The vaccine, originally conceived by Germany’s BioNTech, showed 95% efficacy in the prevention of symptomatic COVID-19 in a clinical trial conducted by the companies last year.


Dolsten said early data from the company’s own studies show that a third booster dose generates antibody levels five to ten times higher than after the second dose, suggesting that a third dose will offer promising protection.

A healthcare professional prepares a Pfizer coronavirus (COVID-19) vaccination in Los Angeles, California, USA, January 7, 2021. REUTERS / Lucy Nicholson

He said several countries in Europe and elsewhere have already approached Pfizer to discuss booster doses, and some may begin administering them before a possible U.S. permit.

Dolsten said he believes booster shots are especially important in older age groups.

Dr. Eric Topol, professor of molecular medicine and director of the Scripps Research Translational Institute in La Jolla, California, said basing the decision on declining antibody protection ignores the role of important other parts of the immune response, including memory B cells, which can produce antibodies as needed. they are challenged by the virus.

“You need better studies to be able to claim that. It’s not just neutralizing antibodies,” Topol said.

Pfizer has previously said that people are likely to need a booster dose, although some researchers have asked when or whether boosters are needed. Read more

BioNTech has previously claimed that while antibodies are the body’s main weapon against an initial infection, the cellular immune response mainly protects against disease outbreaks and exacerbations.

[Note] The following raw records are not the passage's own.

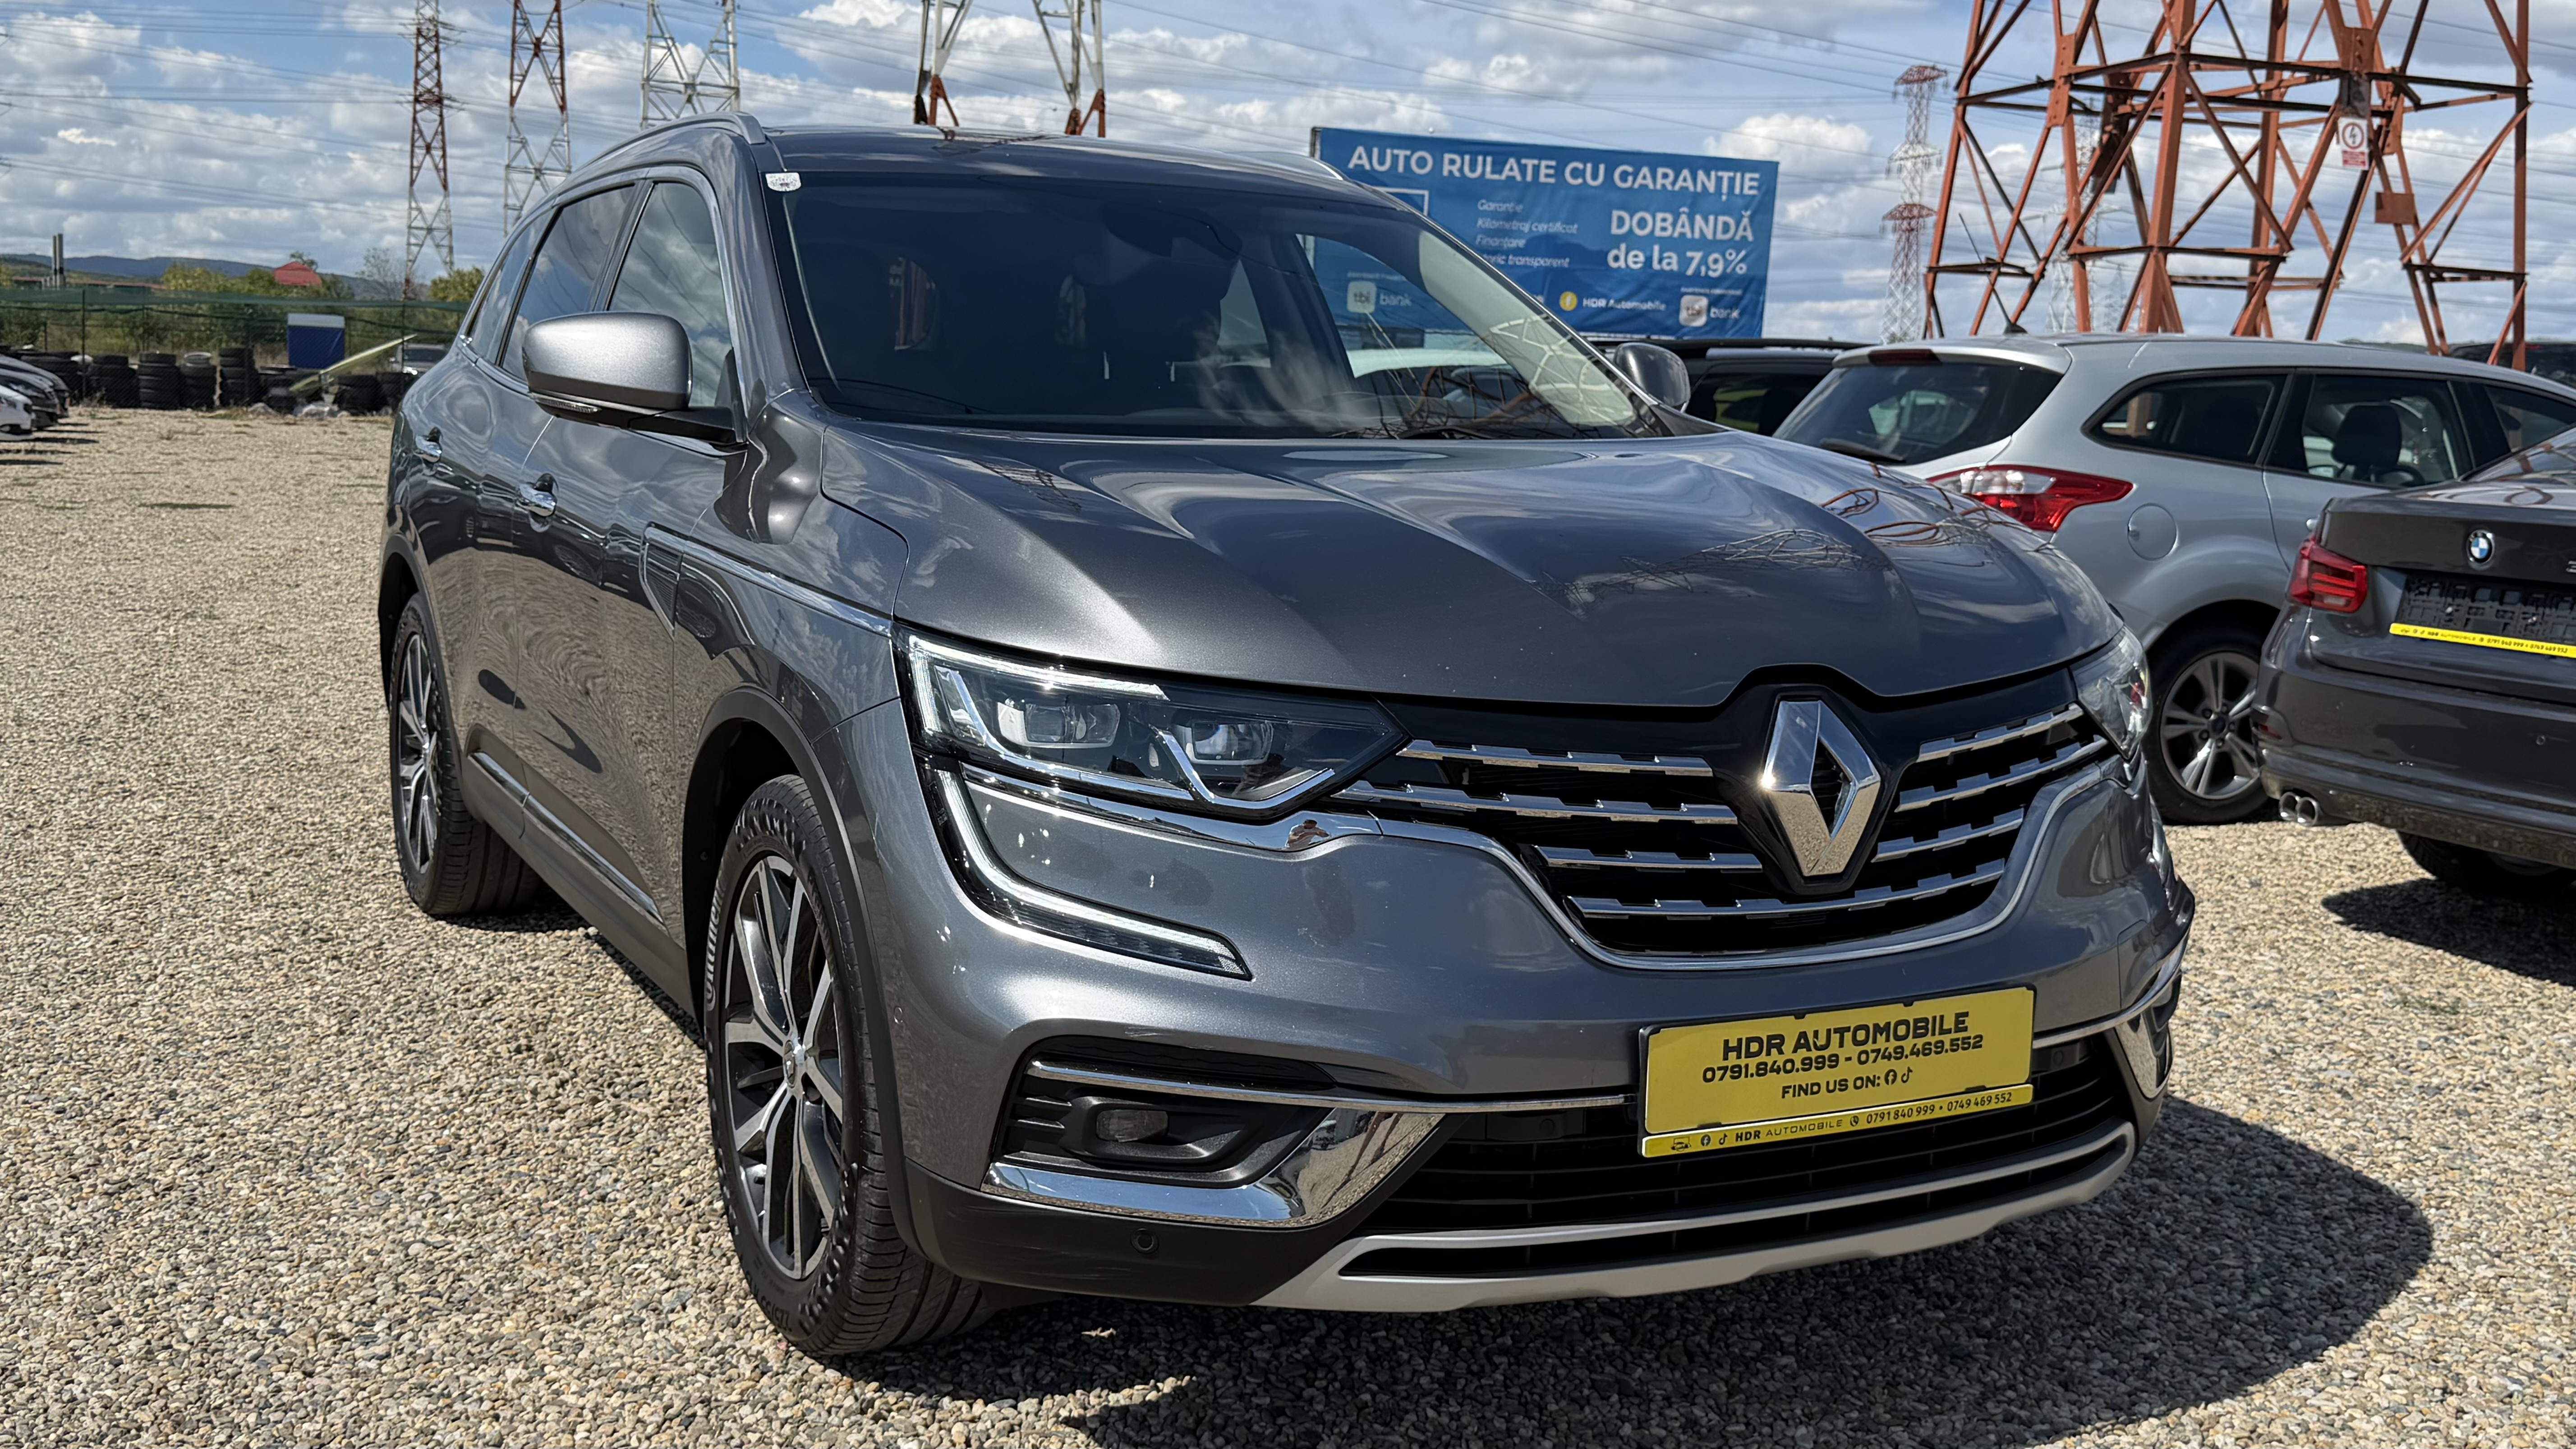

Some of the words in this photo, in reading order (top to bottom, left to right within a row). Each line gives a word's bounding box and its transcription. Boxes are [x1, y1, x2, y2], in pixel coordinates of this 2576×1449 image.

[1348, 146, 1433, 175] AUTO
[1442, 153, 1556, 183] RULATE
[1564, 161, 1605, 186] CU
[1613, 165, 1760, 201] GARANȚIE
[1610, 207, 1754, 242] DOBÂNDĂ
[1607, 243, 1645, 270] de
[1652, 244, 1678, 271] la
[1686, 249, 1747, 278] 7,9%
[1702, 1053, 1840, 1083] 0791.840.999
[1857, 1034, 1983, 1065] 0749.469.552
[1722, 1034, 1785, 1061] HDR
[1792, 1011, 1969, 1054] AUTOMOBILE
[1781, 1082, 1821, 1099] FIND
[1826, 1078, 1849, 1093] US
[1853, 1074, 1881, 1090] ON:
[1735, 1130, 1761, 1142] HDR
[1766, 1119, 1843, 1137] AUTOMOBILE
[1866, 1111, 1891, 1124] 0791
[1893, 1108, 1914, 1121] 840
[1916, 1104, 1936, 1117] 999
[1947, 1098, 1971, 1111] 0749
[1973, 1094, 1992, 1107] 469
[1994, 1092, 2012, 1104] 552

Pfizer plans to launch a placebo-controlled power trial with the 10,000-participant booster soon. The investigation will run during the fall, Dolsten said, meaning it will not be completed before the company submits it to the FDA.

Dr. William Schaffner, a vaccine expert at Vanderbilt University Medical Center, said even if Pfizer succeeds in getting its booster approved by the FDA, it would only be the first step. The booster still needs to be reviewed and recommended by CDC advisors.

“It’s by no means automatic,” he said. Schaffner said realistically that most of the public health bandwidth in the United States is still focused on encouraging Americans to get their first and second doses of the vaccine.

Because boosters would drive increased demand for vaccines while much of the world is still unvaccinated, Dolsten said Pfizer is looking at ways to increase production.

It is already targeting the production of 3 billion doses this year and 4 billion shots next year. Dolsten declined to give a forecast for exactly how many more doses the company could add.

Pfizer and BioNTech said they had designed a new version of the vaccine against the Delta variant with a clinical trial likely to begin in August, but added that the current vaccine version had the “potential” to protect against the variant.

Pfizer expects the COVID-19 vaccine to be a major contributor for years and has expected sales of $ 26 billion from the shot in 2021. BioNTech said in May that vaccine supply agreements for this year are worth € 12.4 billion so far in income accruing to it with multiple contracts on the cards.

Global spending on COVID-19 vaccines and booster shots could total $ 157 billion by 2025, according to U.S. health data firm IQVIA Holdings.

Reporting by Michael Erman; Further reporting by Julie Steenhuysen in Chicago, Ludwig Burger in Frankfurt and Kanishka Singh in Bengaluru; Clip by Dan Grebler, Leslie Adler and Emelia Sithole-Matarise

Our Standards: Thomson Reuters Trust Principles.